41 –      See paragraph 25 of the 2006 ECN Model Leniency Programme, paragraph 41(1) of the Notice on Cooperation within the ECN and Articles 11 and 12 of Regulation No 1/2003.


42 –      Under the 2006 ECN Model Leniency Programme.


43 –      See the terms of the second question.


44 — Emphasis added. See paragraph 13(2) of the 2006 ECN Model Leniency Programme.


45 –      I would also observe that the principle of the autonomy and independence of leniency applications submitted to the Commission and summary applications submitted to NCAs is emphasised in paragraph 46 of the Explanatory Notes annexed to the 2012 ECN Model Leniency Programme, which provides that ‘a summary application should be a proper summary of the leniency application submitted at the Commission.

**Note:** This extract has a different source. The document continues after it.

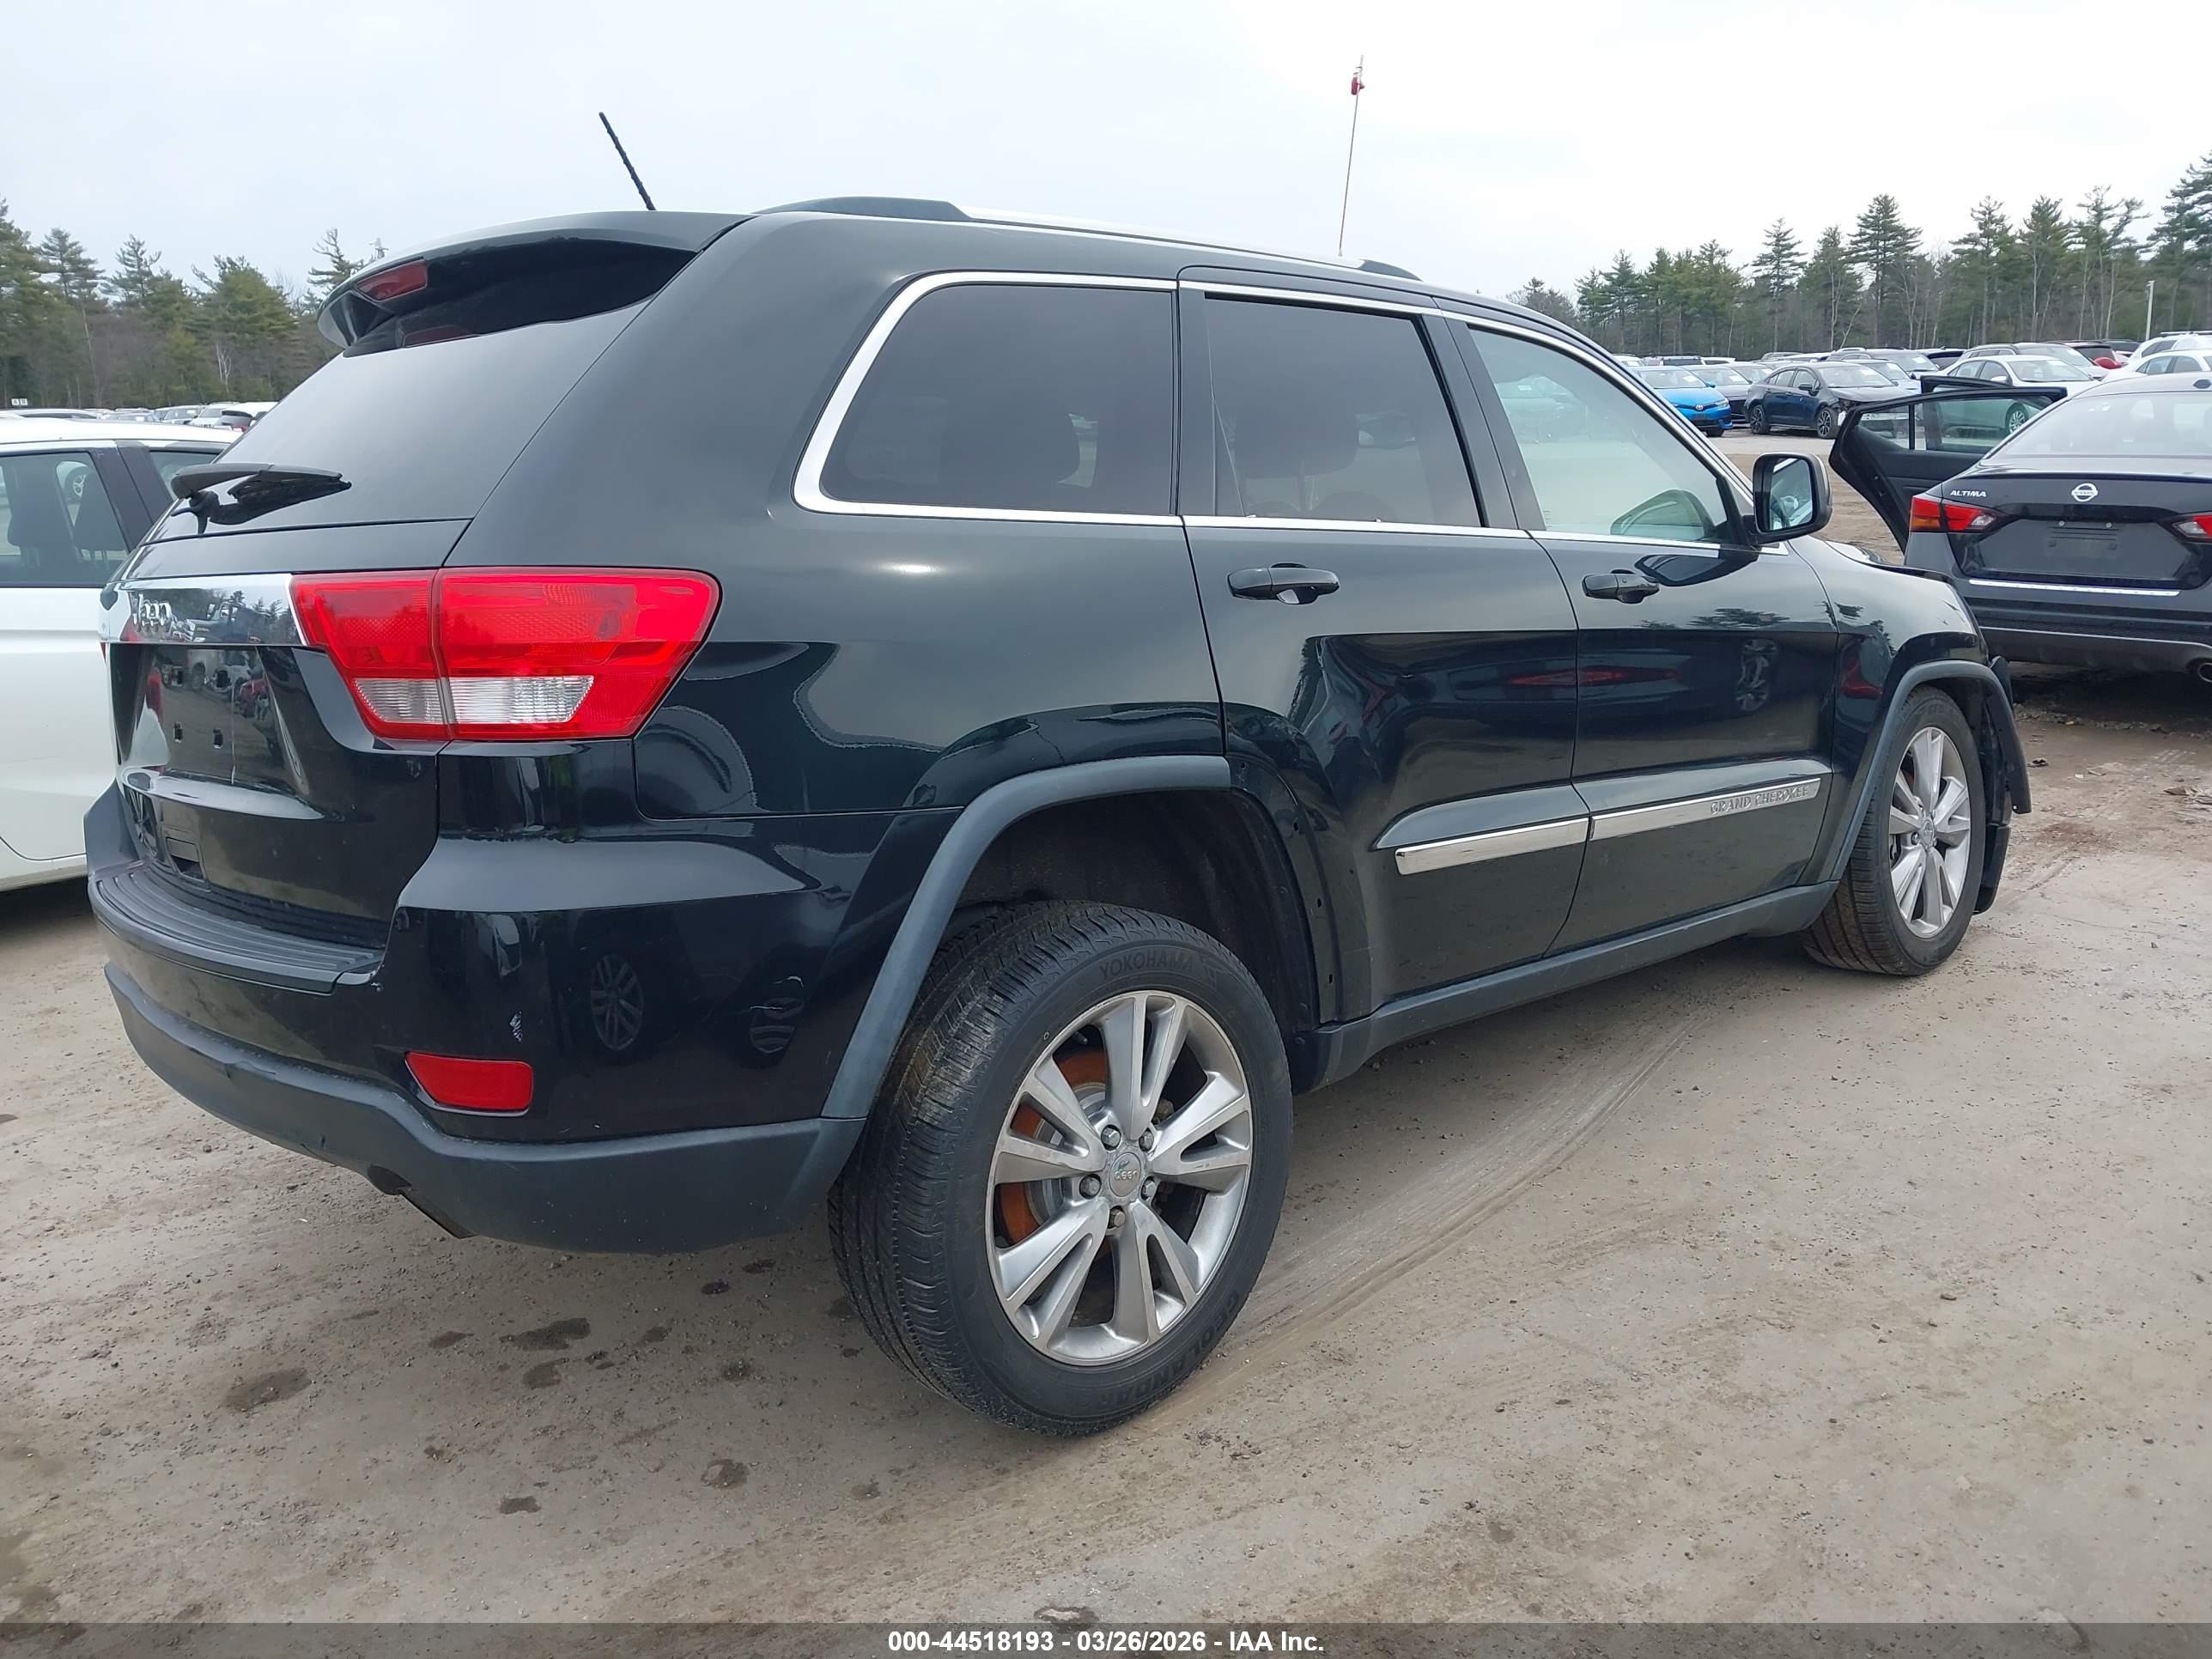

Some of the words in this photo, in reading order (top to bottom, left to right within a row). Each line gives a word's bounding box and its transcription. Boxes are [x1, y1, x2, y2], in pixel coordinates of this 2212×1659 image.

[1710, 796, 1752, 815] GRAND
[1754, 785, 1810, 806] CHEROKEE
[1099, 948, 1194, 980] YOKOHAMA

Therefore, if a leniency applicant has received a summary application marker from an NCA, and it subsequently provides information and evidence to the Commission which indicates that the alleged cartel is significantly different in scope than reported to the NCAs in its summary applications (for example, it covers an additional product), the applicant should consider updating the NCAs where it has filed summary applications in order to keep the scope of its protection at the NCAs identical to the scope of protection at the Commission.’ Emphasis added.


46 –      Indeed, according to paragraph 46 of the Explanatory Notes annexed to the 2006 ECN Model Leniency Programme, ‘the ECN Model Programme only provides for the filing of summary applications in Type 1A cases’. Also, according to that paragraph, ‘summary applications in Type 1B and Type 2 cases are neither necessary nor always practicable’.


47 –      According to paragraph 42 of the Explanatory Notes annexed to the 2012 ECN Model Leniency Programme, ‘[s]ummary applications will be possible irrespective of the applicant’s position(s) in the leniency queue at the Commission and the NCA, i.e. in Type 1A, Type 1B and Type 2 applications’.


48 –      See paragraph 26 of DHL's observations.


49 –      See paragraph 77.


50 –      It observes that paragraph 8 of the Explanatory Notes annexed to the 2006 ECN Model Leniency Programme expressly provides for ‘the possibility for a CA to add further detailed provisions which suit its own enforcement system or to provide for a more favourable treatment of its applicants if it considers it to be necessary in order to ensure effective enforcement’.


51 –      DHL adds that ‘Schenker and Agility asked the Commission for favourable treatment on 5 and 20 November 2007 — that is to say not less than five months after the application from DHL to the Commission and even after the inspections conducted by the latter, in particular in Italy — and, at the time of their application to the Commission, they had already been informed that conditional immunity had already been granted to another undertaking. Therefore, since the ‘summary’ applications from Schenker and Agility to the [Autorità] were linked to ordinary applications for reduction of fines to the Commission, they could only have given rise to a reduction at national level as well. However, as they had been formulated as applications for immunity, they should not even have been placed in the [Autorità]'s investigative file.’


52 –      See paragraphs 58 to 60 of Schenker's observations.


53 –      See paragraph 63 of Agility's observations.


54 –      See, by analogy, the judgments in Pfleiderer (C‑360/09, EU:C:2011:389, paragraph 24) and Donau Chemie and Others (C‑536/11, EU:C:2013:366, paragraph 27 and the case-law cited).